#### [Brief]
Wherever a picture appears, leave it out, and transcribe the rest of the records exactly.

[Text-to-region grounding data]
------------------------------

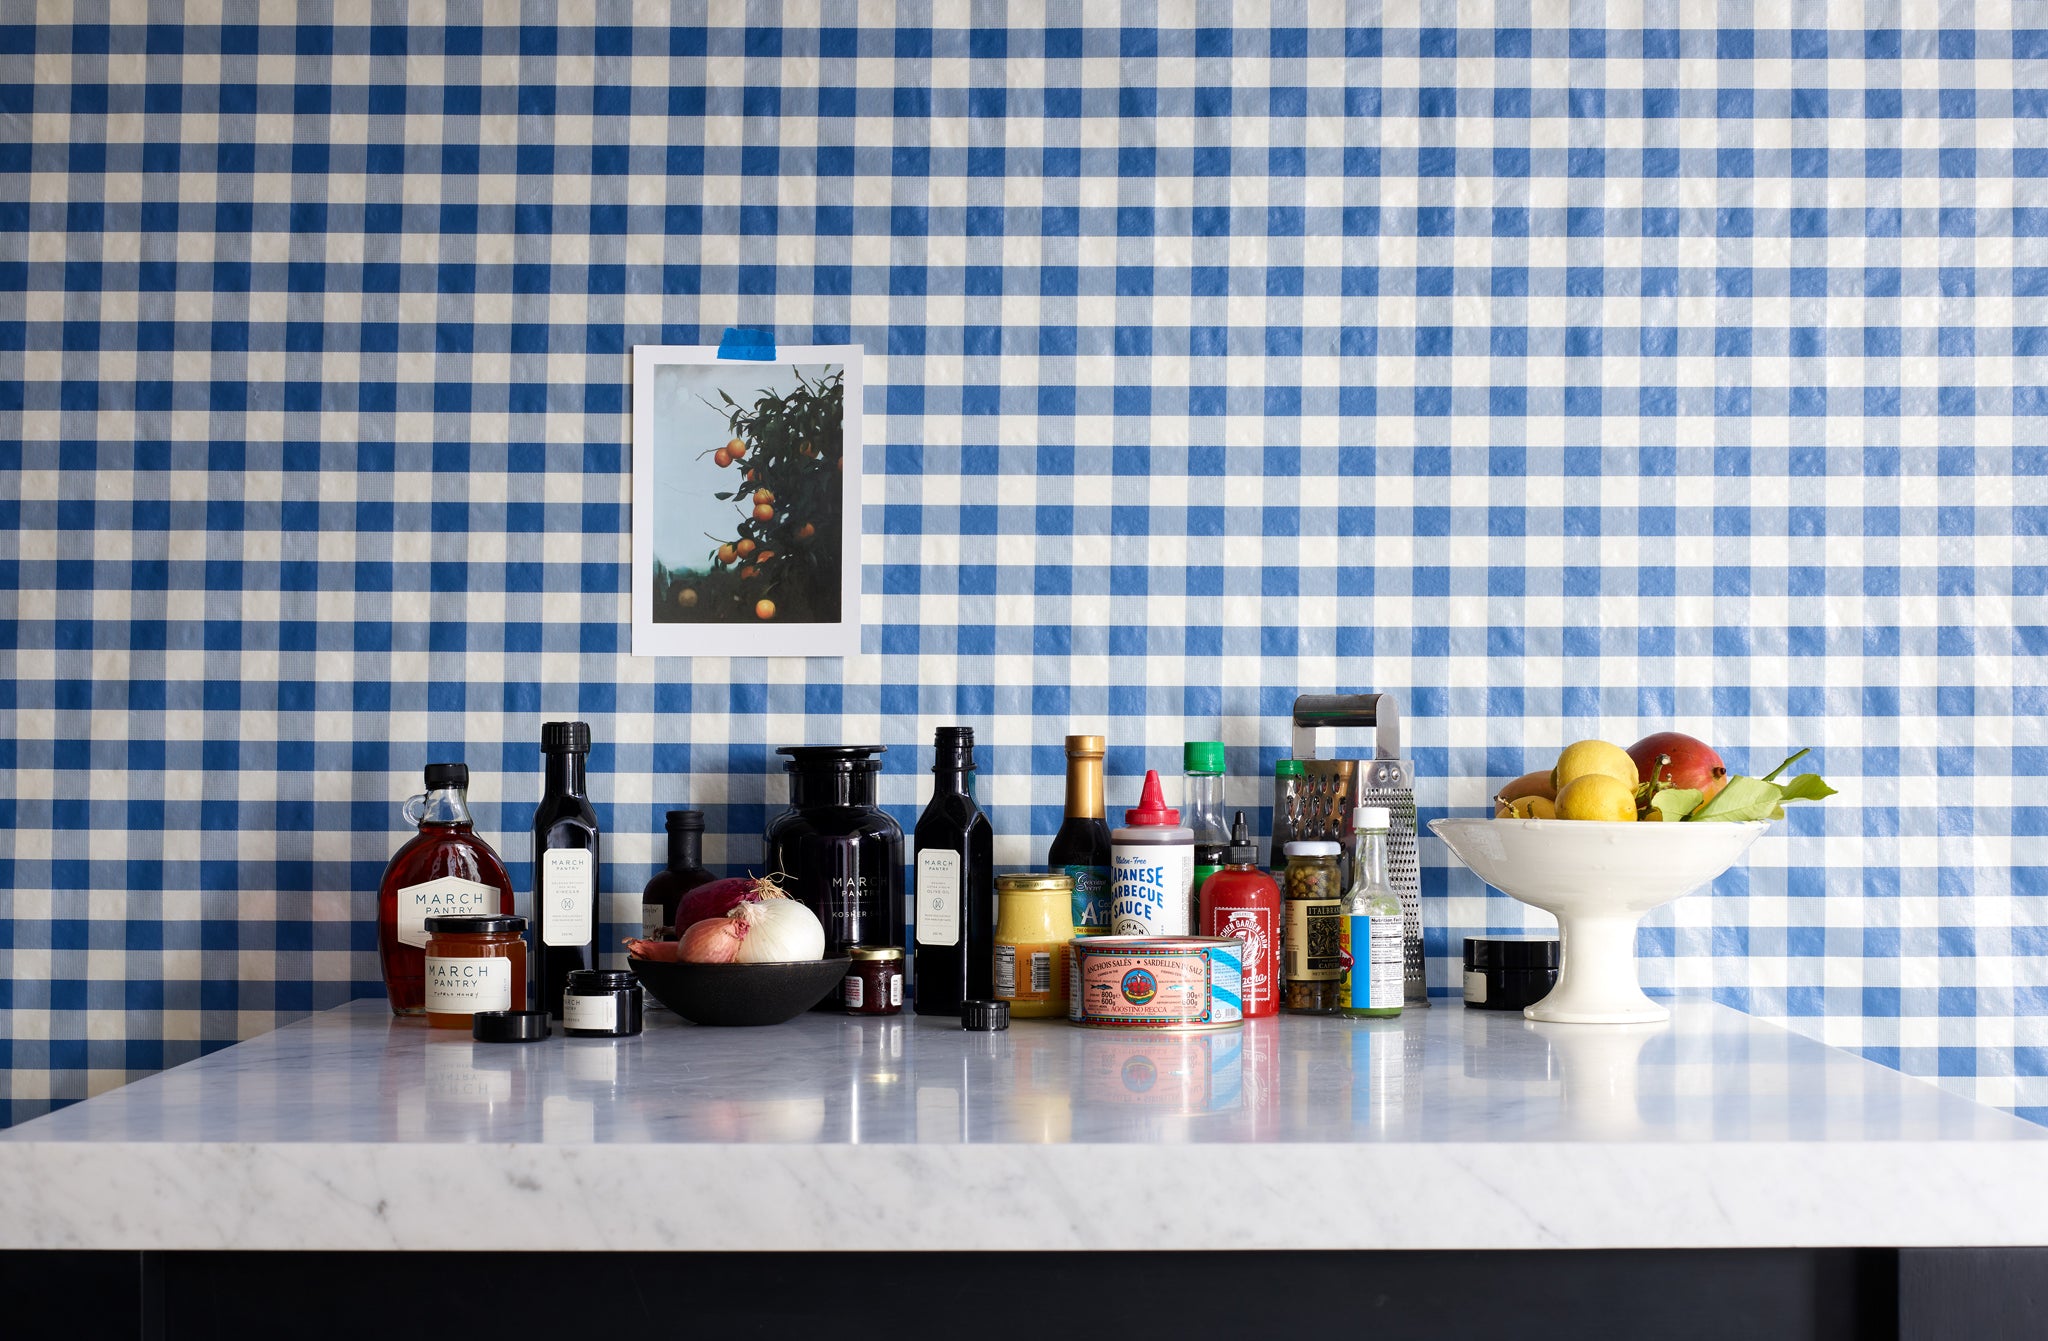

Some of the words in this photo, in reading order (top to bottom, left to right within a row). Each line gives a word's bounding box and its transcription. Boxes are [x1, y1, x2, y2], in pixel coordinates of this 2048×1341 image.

[1115, 855, 1147, 865] Gluten-Free
[415, 893, 483, 905] MARCH
[425, 906, 473, 915] PANTRY
[832, 910, 867, 918] KOSHER
[1113, 900, 1152, 921] SAUCE
[1219, 921, 1236, 938] CHEN
[1235, 919, 1261, 933] GARDEN
[428, 965, 488, 978] MARCH
[1087, 960, 1112, 974] ANCHOIS
[1143, 958, 1181, 969] SARDELLEN
[434, 978, 478, 988] PANTRY

------------------------------

#### [Solution to the exercise]
Some of the words in this photo, in reading order (top to bottom, left to right within a row). Each line gives a word's bounding box and its transcription. Boxes are [x1, y1, x2, y2], in pixel coordinates of this 2048×1341 image.

[1115, 855, 1147, 865] Gluten-Free
[415, 893, 483, 905] MARCH
[425, 906, 473, 915] PANTRY
[832, 910, 867, 918] KOSHER
[1113, 900, 1152, 921] SAUCE
[1219, 921, 1236, 938] CHEN
[1235, 919, 1261, 933] GARDEN
[428, 965, 488, 978] MARCH
[1087, 960, 1112, 974] ANCHOIS
[1143, 958, 1181, 969] SARDELLEN
[434, 978, 478, 988] PANTRY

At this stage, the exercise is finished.